Premature aging syndromes in model organisms and humans provide insight into the mechanisms of natural aging. To the extent that progerias represent true acceleration of wildtype aging processes, they also draw our attention to genes that might someday be targeted by lifespan-enhancement strategies.
An excellent recent review from Navarro et al. covers a lot of ground on this subject, discussing many different human progeroid syndromes and focusing especially on the laminopathies, exemplified by Hutchinson-Gilford progeria:
Progeroid syndromes (PSs) constitute a group of disorders characterized by clinical features mimicking physiological aging at an early age. In some of these syndromes, biological hallmarks of aging are also present, whereas in others, a link with physiological aging, if any, remains to be elucidated. … [A]ll the characterized PSs enter in the field of rare monogenic disorders and several causative genes have been identified. These can be separated in subcategories corresponding to (i) genes encoding DNA repair factors, in particular, DNA helicases, and (ii) genes affecting the structure or post-translational maturation of lamin A, a major nuclear component.

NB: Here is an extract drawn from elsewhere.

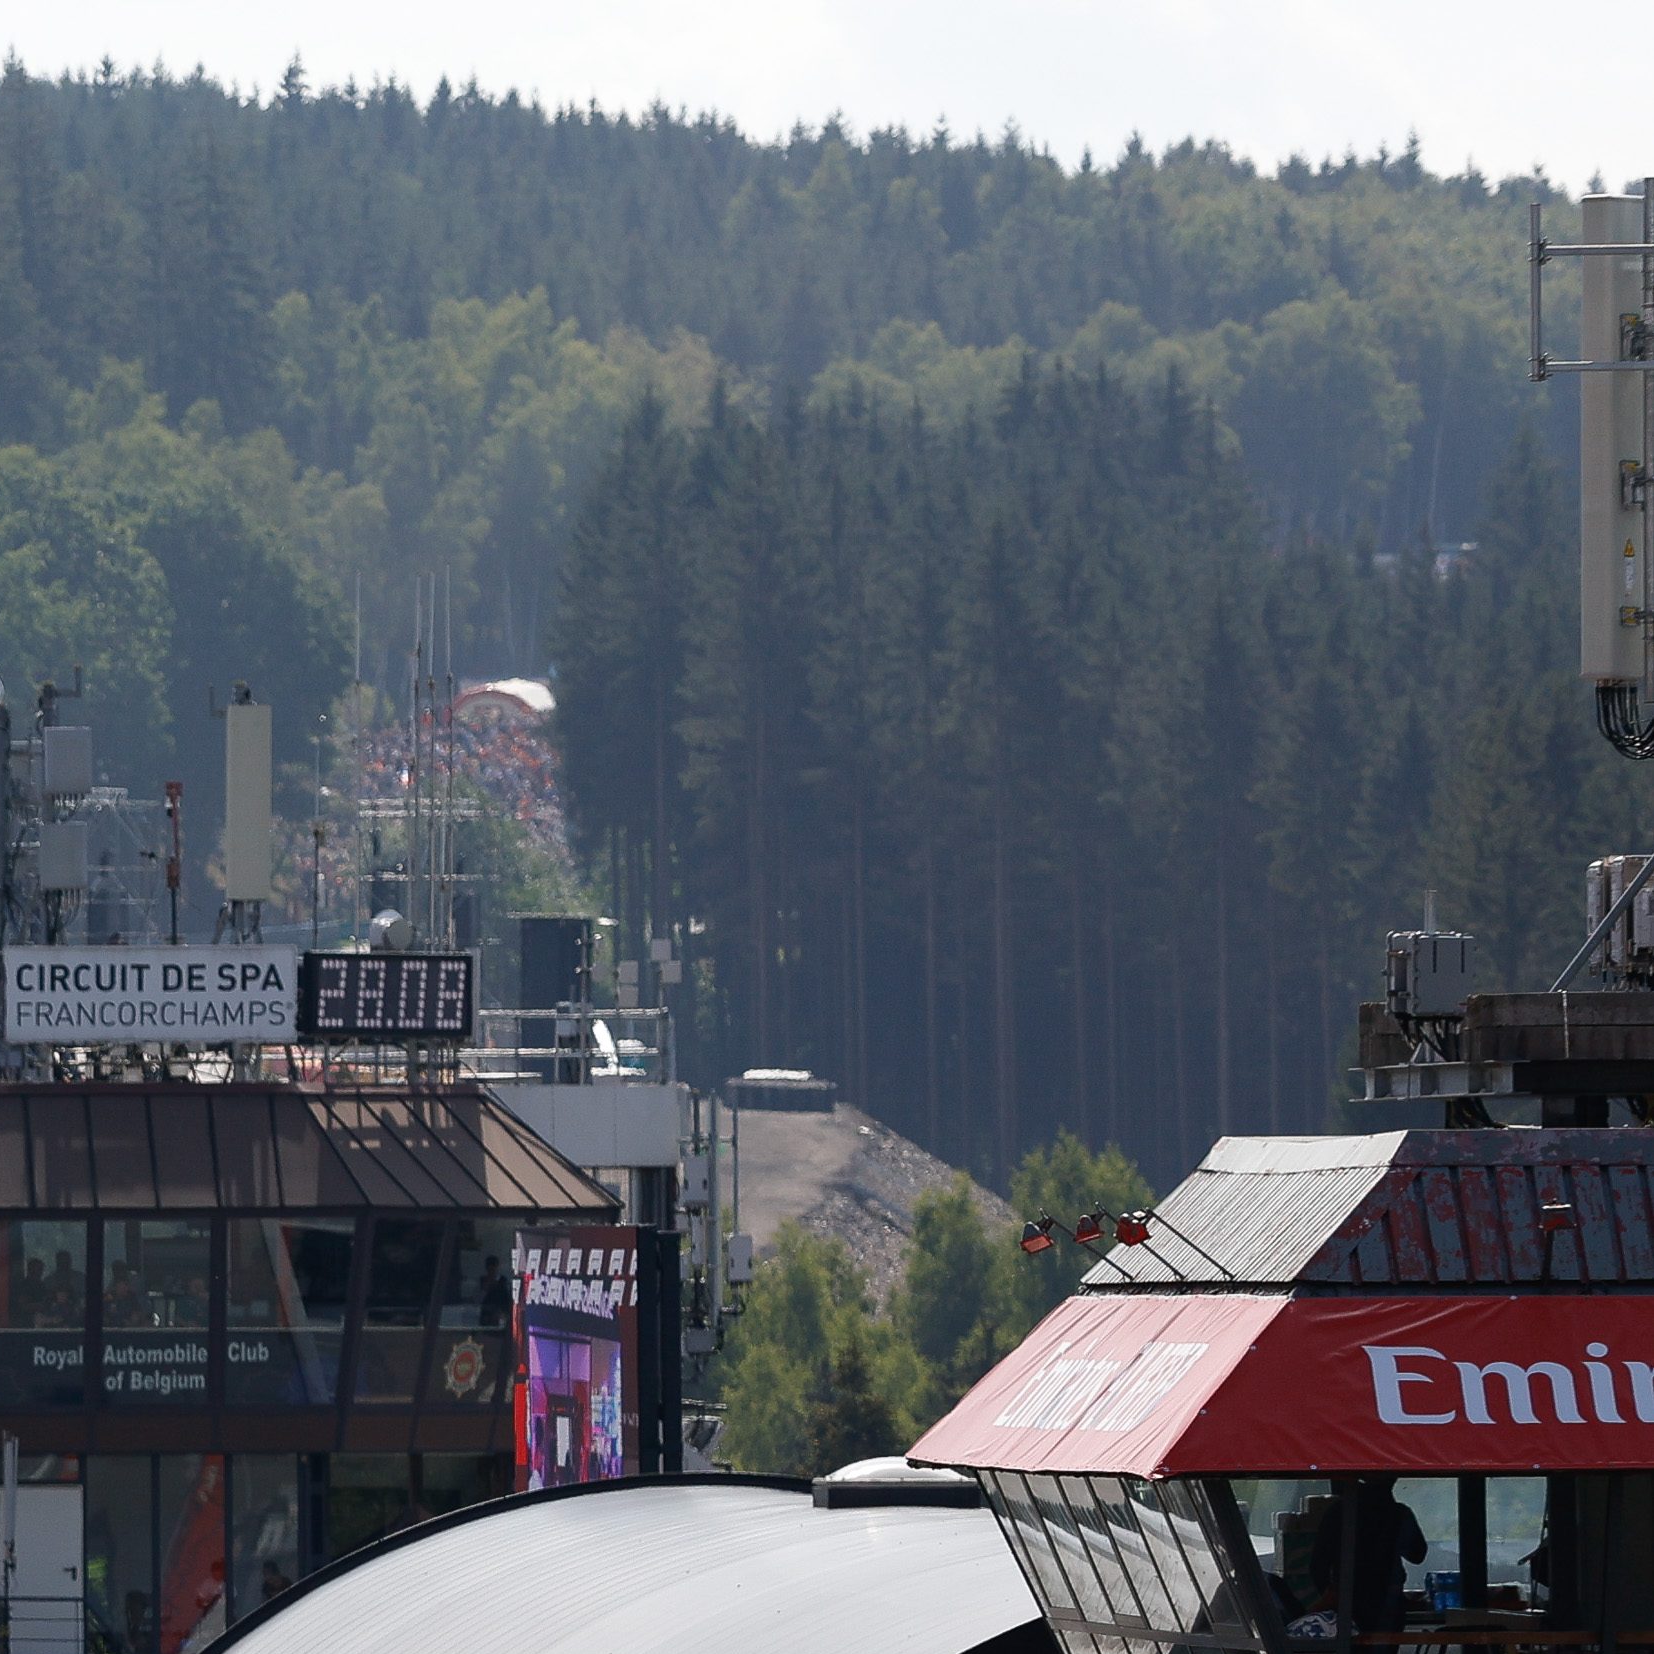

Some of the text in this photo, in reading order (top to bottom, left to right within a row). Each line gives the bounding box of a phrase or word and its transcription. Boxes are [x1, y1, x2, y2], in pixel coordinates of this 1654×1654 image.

[14, 962, 286, 993] CIRCUIT DE SPA
[15, 999, 289, 1028] FRANCORCHAMPS
[33, 1341, 270, 1370] Royal Automobile Club
[105, 1370, 206, 1394] of Belgium

In addition, several animal models featuring premature aging have abnormal mitochondrial function or signal transduction between membrane receptors, nuclear regulatory proteins and mitochondria: no human pathological counterpart of these alterations has been found to date. … Recently, several studies allowed to establish a functional link between DNA repair and A-type lamins-associated syndromes, evidencing a relation between these syndromes, physiological aging and cancer. …

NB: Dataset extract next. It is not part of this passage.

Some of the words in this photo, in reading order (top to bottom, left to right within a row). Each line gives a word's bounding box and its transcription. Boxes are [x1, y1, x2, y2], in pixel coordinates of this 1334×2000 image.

While I’m on the subject: There’s been some very good recent news on the Hutchinson-Gilford front. Farnesyltransferase inhibitors, a class of drugs originally developed to attack the Ras pathway in cancer, are showing great promise in reversing the nuclear abnormalities resulting from the underlying lamin A/C mutation. Often rare diseases don’t get very much attention from pharmaceutical developers, so it’s nice to know that HGPS patients and their families have some hope for a meaningful treatment.